Oh, it’s good. Very good. The 310 is Caterham’s Goldilocks car – everything about it is just right. Just the right about of power to thrill but not scare, and just the right amount of grip and traction when you want to cover ground at rapacious speed, or to slide through corners when you want to play. It always feels incredibly well balanced and composed – keen to flatter rather than snap and bite – without any sign of nervy twitchiness or ten-tenths waywardness.
That modified engine takes centre stage. Okay, 150bhp may have lower-end diesel hatchbacks sniggering into the particulate traps, but in the 540kg Seven it delivers more than generous helpings of grunt and performance.

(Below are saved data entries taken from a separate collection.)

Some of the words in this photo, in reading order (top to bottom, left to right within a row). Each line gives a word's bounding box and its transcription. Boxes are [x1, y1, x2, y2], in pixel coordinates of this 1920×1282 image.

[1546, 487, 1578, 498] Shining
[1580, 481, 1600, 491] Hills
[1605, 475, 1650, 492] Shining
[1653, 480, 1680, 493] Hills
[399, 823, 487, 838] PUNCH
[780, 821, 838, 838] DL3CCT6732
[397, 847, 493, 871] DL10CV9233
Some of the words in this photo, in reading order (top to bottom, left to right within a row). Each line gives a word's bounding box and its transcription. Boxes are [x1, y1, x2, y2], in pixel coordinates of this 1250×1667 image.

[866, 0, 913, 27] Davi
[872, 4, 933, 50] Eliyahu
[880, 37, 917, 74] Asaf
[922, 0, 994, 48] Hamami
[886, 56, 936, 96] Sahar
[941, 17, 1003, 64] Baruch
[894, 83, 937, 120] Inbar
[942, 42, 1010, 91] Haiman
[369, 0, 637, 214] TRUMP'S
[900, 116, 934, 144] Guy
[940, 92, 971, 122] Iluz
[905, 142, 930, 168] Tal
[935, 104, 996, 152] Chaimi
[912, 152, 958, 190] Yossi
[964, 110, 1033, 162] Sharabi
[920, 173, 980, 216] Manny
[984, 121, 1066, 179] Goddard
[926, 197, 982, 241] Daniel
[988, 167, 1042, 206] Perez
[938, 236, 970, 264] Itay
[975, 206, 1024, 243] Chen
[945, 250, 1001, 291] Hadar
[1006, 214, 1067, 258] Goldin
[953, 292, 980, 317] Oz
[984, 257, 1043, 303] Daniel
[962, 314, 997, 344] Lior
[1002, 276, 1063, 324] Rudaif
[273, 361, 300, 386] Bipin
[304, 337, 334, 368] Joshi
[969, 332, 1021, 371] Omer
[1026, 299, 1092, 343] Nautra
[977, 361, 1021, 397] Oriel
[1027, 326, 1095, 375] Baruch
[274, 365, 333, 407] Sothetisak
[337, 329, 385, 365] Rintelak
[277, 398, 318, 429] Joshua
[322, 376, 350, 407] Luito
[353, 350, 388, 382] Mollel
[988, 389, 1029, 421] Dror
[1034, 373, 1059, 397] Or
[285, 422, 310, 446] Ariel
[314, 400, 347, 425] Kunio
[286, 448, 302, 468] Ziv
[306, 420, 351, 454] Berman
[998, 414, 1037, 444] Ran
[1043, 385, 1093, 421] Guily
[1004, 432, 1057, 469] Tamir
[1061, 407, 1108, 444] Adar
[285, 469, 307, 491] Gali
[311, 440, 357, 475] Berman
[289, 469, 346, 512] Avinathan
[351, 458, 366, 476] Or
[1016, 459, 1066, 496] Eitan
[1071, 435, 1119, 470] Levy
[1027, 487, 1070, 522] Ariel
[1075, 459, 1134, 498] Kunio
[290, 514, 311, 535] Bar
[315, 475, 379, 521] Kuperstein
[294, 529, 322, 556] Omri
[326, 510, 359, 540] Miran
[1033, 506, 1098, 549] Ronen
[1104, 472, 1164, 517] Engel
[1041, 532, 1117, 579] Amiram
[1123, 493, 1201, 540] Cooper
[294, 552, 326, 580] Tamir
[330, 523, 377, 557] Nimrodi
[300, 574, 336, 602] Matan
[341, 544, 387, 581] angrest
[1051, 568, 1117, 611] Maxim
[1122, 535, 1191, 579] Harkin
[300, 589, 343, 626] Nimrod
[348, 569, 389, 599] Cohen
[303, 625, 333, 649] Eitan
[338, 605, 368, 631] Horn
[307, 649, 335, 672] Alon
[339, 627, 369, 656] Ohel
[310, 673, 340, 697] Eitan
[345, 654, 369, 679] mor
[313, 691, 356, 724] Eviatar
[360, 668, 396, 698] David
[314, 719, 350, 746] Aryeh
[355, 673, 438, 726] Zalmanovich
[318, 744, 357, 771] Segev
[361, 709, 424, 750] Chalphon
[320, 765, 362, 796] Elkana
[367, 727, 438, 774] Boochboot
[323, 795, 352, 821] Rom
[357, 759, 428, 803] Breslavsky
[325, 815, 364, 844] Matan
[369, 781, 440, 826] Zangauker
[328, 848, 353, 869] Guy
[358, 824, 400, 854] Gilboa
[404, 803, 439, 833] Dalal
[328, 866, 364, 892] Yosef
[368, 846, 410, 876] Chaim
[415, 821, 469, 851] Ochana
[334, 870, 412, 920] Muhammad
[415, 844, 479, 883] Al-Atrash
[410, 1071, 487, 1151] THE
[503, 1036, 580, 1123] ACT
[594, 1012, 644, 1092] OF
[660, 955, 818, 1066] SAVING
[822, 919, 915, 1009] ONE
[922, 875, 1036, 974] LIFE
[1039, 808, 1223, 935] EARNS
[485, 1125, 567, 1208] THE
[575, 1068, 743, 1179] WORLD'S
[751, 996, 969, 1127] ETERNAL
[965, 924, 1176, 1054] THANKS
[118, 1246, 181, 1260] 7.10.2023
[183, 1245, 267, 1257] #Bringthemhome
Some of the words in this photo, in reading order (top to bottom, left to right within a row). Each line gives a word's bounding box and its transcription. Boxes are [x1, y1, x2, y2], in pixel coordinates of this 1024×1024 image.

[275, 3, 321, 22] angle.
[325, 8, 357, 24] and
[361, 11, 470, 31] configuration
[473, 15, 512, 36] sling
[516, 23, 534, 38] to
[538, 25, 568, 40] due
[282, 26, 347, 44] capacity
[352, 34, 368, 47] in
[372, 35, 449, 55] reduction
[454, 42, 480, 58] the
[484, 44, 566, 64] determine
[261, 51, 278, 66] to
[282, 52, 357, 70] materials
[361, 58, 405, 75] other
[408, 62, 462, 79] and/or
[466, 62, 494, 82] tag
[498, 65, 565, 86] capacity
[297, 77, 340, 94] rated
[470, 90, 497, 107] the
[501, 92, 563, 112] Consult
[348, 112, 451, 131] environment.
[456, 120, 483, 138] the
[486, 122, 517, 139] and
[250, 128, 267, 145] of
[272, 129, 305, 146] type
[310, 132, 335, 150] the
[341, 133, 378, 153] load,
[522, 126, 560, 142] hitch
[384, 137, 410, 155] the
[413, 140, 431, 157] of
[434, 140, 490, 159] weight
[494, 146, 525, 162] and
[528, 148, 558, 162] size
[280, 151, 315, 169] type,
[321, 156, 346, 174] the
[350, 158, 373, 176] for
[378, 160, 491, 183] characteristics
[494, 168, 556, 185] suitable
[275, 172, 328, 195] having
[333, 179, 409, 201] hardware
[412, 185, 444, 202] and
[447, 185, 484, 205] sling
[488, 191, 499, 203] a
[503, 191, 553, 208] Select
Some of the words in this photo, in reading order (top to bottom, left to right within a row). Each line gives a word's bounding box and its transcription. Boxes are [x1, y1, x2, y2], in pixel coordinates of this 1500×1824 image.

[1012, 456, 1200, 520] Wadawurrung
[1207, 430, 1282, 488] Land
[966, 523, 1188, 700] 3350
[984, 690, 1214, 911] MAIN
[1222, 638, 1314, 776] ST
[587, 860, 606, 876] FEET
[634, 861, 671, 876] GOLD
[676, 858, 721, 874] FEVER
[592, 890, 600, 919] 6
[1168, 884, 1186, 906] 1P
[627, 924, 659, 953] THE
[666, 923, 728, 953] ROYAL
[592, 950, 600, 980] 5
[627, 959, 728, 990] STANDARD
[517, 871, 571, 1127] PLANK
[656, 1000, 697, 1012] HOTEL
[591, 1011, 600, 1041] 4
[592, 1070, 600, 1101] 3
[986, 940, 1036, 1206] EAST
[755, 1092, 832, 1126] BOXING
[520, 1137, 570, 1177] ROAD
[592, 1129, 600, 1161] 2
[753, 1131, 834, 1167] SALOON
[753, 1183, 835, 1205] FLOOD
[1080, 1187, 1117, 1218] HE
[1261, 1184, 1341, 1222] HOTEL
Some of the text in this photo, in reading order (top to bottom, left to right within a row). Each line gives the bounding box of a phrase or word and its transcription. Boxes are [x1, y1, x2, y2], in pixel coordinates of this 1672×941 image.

The combination of wilder cams and an upped redline means the engine revs with an ever-hungry appetite for its 7500rpm rev limiter. It’s a screamer, but also a slugger too – at low engine speeds it shoves the Seven along with a deep-lunged urgency. And it has the soundtrack to match – a deep bassy low-rev rumble that gives way to a serrated howl from 6000rpm onwards, all accompanied by the rudest of pops and crackles on the overrun.
Presumably everything else matches the engine’s dynamics?
Yes and no. When Caterham revised its entire model line-up last April, it also simplified its extensively long list of options to create two main packs – the £3995 R pack and the £2995 S pack. With its (relatively speaking) chunky leather seats, carpets and softer suspension set-up, the S pack is aimed at the more relaxed Sunday driver. The R pack adds an LSD, lightweight flywheel, uprated brakes and suspension, bucket race seats and gearshift lights – as well as a raft of cosmetic enhancements. We believe the R pack is a must-have option for the 310 because they beautifully complement its visceral character, as well as adding to its on-track capabilities.
And while you have your bank manager on the line, we’d also insist on opting for the six-speed box. The five-cog unit if fine, but the ultra-close ratio six-speed unit is a joy that lets you extract the very best from that engine. You’d regret nor spending £2500 on it. Other options worth a closer look are the LED headlamps. They’re priced at £800 but if you’ve ever driven a Seven at night, you’ll know they’re money very well spent.
Hang on, I’m adding this all up…
Well, a turn-key 310 costs £24,995, an R pack weighs in £3995 and that must-have six-speed box is £2500 – and then you’ll want a roof and doors, tallying an extra £1250. That’s a total of £32,740. Which, if you play the ‘What Can I Buy For That Money’ game as often as I do, will get you into a base-spec Ariel Atom, or a top-spec Mazda MX-5 with money to spare.
And don’t forget that while the Seven dishes up what is arguably the purest driving experience know to man, it does so without the help of any electronic safety devices or driver aids. No anti-lock brakes, no airbags, no nothing.
We love the 310. It’s a most welcome addition to the Seven range, and is, as Simon Lambert admits, the car Caterham would produce if it only made one car. When you drive and own a Caterham you buy into the whole shebang – the vividness of the driving experience, the drama, the sound, the explosive performance and the engagement.
You also buy into the miniscule cabin, zero refinement, the tiniest windscreen wipers ever fitted to a car, and huge trust in other drivers. You either get it and love it, or you don’t and hate it. We get it, and we love it.